* _Work instructions_
Please set down, unchanged, the line containing "Some of the text" and all the lines that follow it until the data below ends.

BEGIN Records for the task

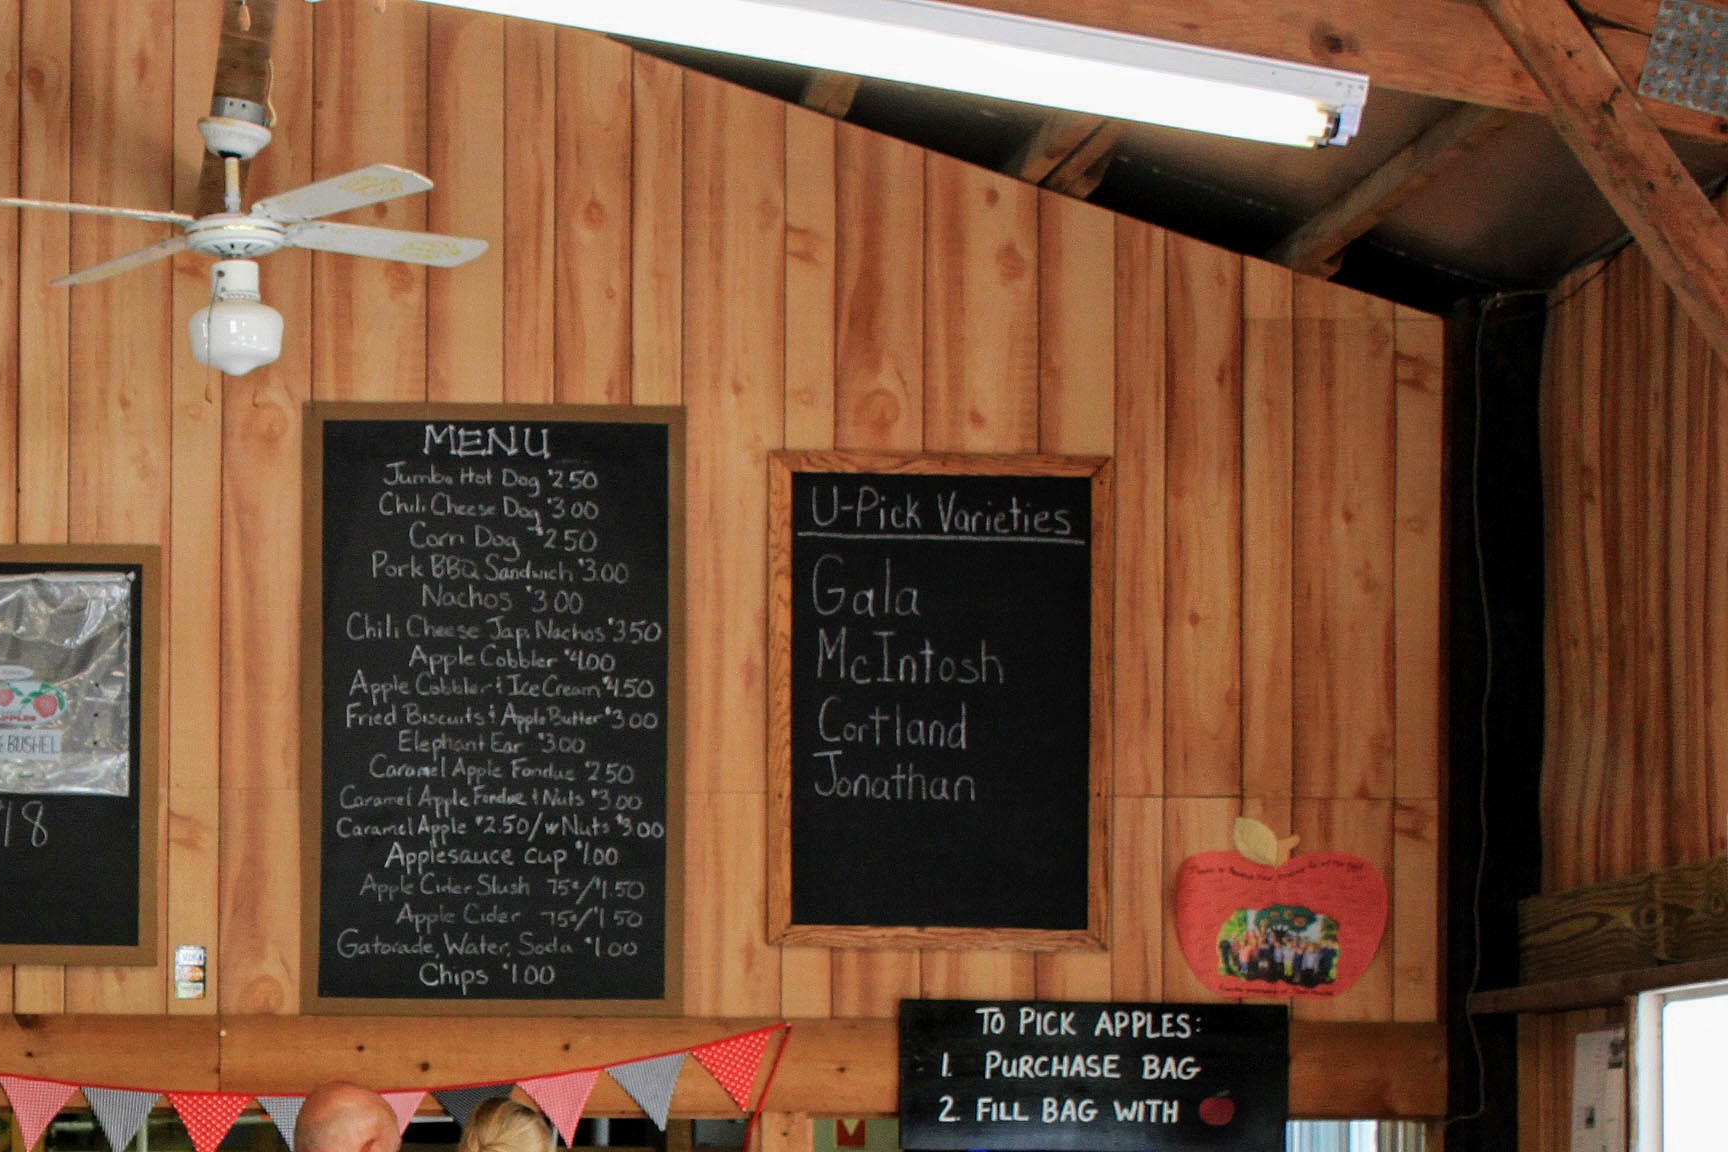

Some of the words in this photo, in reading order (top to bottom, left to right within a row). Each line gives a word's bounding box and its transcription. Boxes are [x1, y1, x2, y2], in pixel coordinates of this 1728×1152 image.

[423, 424, 551, 459] MENU
[383, 461, 453, 486] Jumbo
[460, 467, 493, 485] Hot
[502, 468, 540, 497] Dog
[379, 491, 425, 516] Chili
[431, 492, 495, 516] Cheese
[503, 496, 542, 530] Dog
[811, 485, 922, 528] U-Pick
[937, 491, 1072, 535] Varieties
[409, 521, 464, 548] Corn
[474, 525, 520, 561] Dog
[372, 551, 423, 578] Pork
[431, 554, 479, 579] BBQ
[485, 553, 573, 581] Sandwich
[422, 583, 512, 611] Nachos
[813, 554, 921, 617] Gala
[346, 612, 399, 640] Chili
[406, 615, 479, 639] Cheese
[536, 619, 605, 642] Nachos
[409, 645, 475, 675] Apple
[480, 644, 558, 668] Cobbler
[817, 627, 1004, 684] McIntosh
[349, 669, 410, 706] Apple
[415, 671, 493, 695] Cobbler
[346, 702, 397, 728] Fried
[402, 703, 485, 726] Biscuits
[500, 702, 545, 733] Apple
[546, 706, 603, 726] Butter
[819, 695, 967, 750] Cortland
[7, 734, 59, 754] BUSHEL
[398, 729, 485, 762] Elephant
[491, 731, 523, 753] Ear
[369, 753, 446, 778] Caramel
[452, 757, 503, 785] Apple
[511, 757, 576, 781] Fondue
[813, 750, 976, 801] Jonathan
[340, 784, 412, 809] Caramel
[418, 784, 470, 818] Apple
[474, 785, 527, 806] Fondue
[543, 788, 585, 806] Nuts
[337, 816, 413, 838] Caramel
[418, 814, 467, 848] Apple
[562, 814, 610, 837] Nuts
[384, 841, 514, 875] Applesauce
[524, 848, 567, 875] Cup
[360, 873, 414, 902] Apple
[420, 872, 472, 895] Cider
[476, 874, 530, 896] Slush
[397, 903, 456, 935] Apple
[464, 903, 521, 924] Cider
[337, 928, 441, 959] Gatorade,
[519, 932, 571, 955] Soda
[419, 962, 489, 995] Chips
[976, 1006, 1006, 1036] TO
[1019, 1006, 1077, 1036] PICK
[1094, 1010, 1203, 1039] APPLES:
[984, 1050, 1121, 1080] PURCHASE
[1142, 1055, 1202, 1081] BAG
[938, 1095, 961, 1122] 2.
[976, 1097, 1029, 1122] FILL
[1042, 1098, 1098, 1123] BAG
[1113, 1099, 1179, 1124] WITH
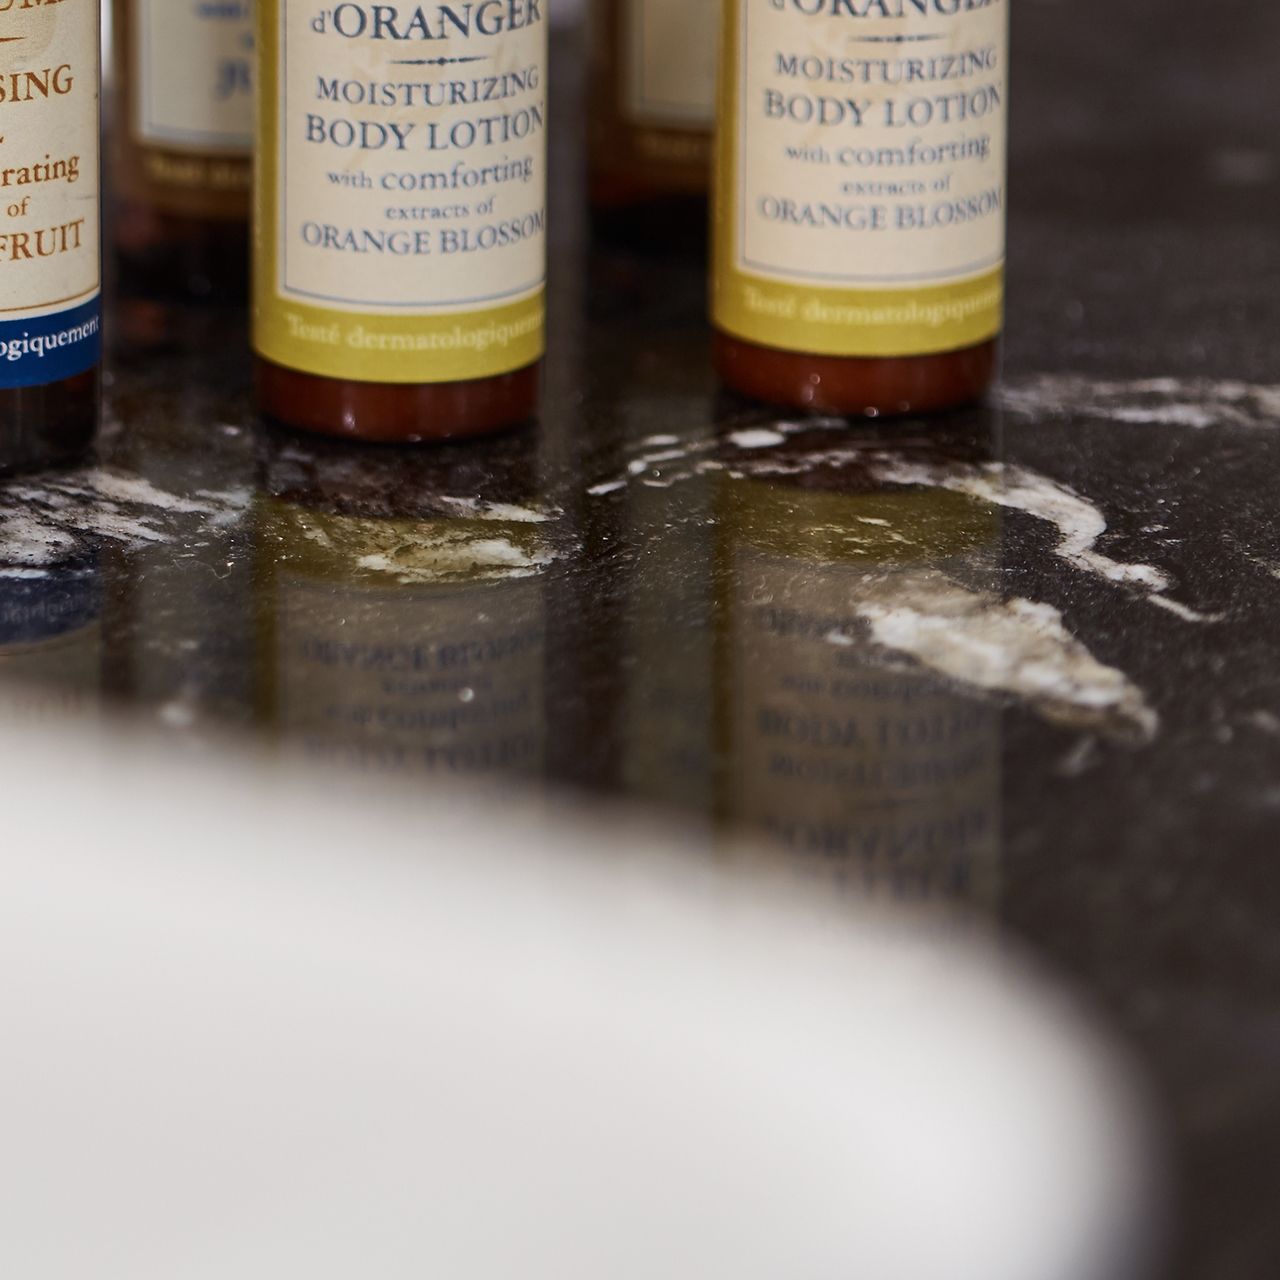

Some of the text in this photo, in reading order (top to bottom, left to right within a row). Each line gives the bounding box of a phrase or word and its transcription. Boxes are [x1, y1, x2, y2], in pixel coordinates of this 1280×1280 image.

[775, 45, 997, 84] MOISTURIZING
[316, 65, 538, 106] MOISTURIZING
[763, 88, 872, 128] BODY
[305, 113, 416, 150] BODY
[784, 132, 992, 168] with comforting
[327, 154, 533, 191] with comforting
[934, 173, 954, 192] of
[7, 196, 31, 219] of
[385, 195, 496, 220] extracts of
[758, 195, 888, 231] ORANGE
[301, 222, 431, 255] ORANGE

END Records for the task

* _Task solution_
Some of the text in this photo, in reading order (top to bottom, left to right within a row). Each line gives the bounding box of a phrase or word and its transcription. Boxes are [x1, y1, x2, y2], in pixel coordinates of this 1280×1280 image.

[775, 45, 997, 84] MOISTURIZING
[316, 65, 538, 106] MOISTURIZING
[763, 88, 872, 128] BODY
[305, 113, 416, 150] BODY
[784, 132, 992, 168] with comforting
[327, 154, 533, 191] with comforting
[934, 173, 954, 192] of
[7, 196, 31, 219] of
[385, 195, 496, 220] extracts of
[758, 195, 888, 231] ORANGE
[301, 222, 431, 255] ORANGE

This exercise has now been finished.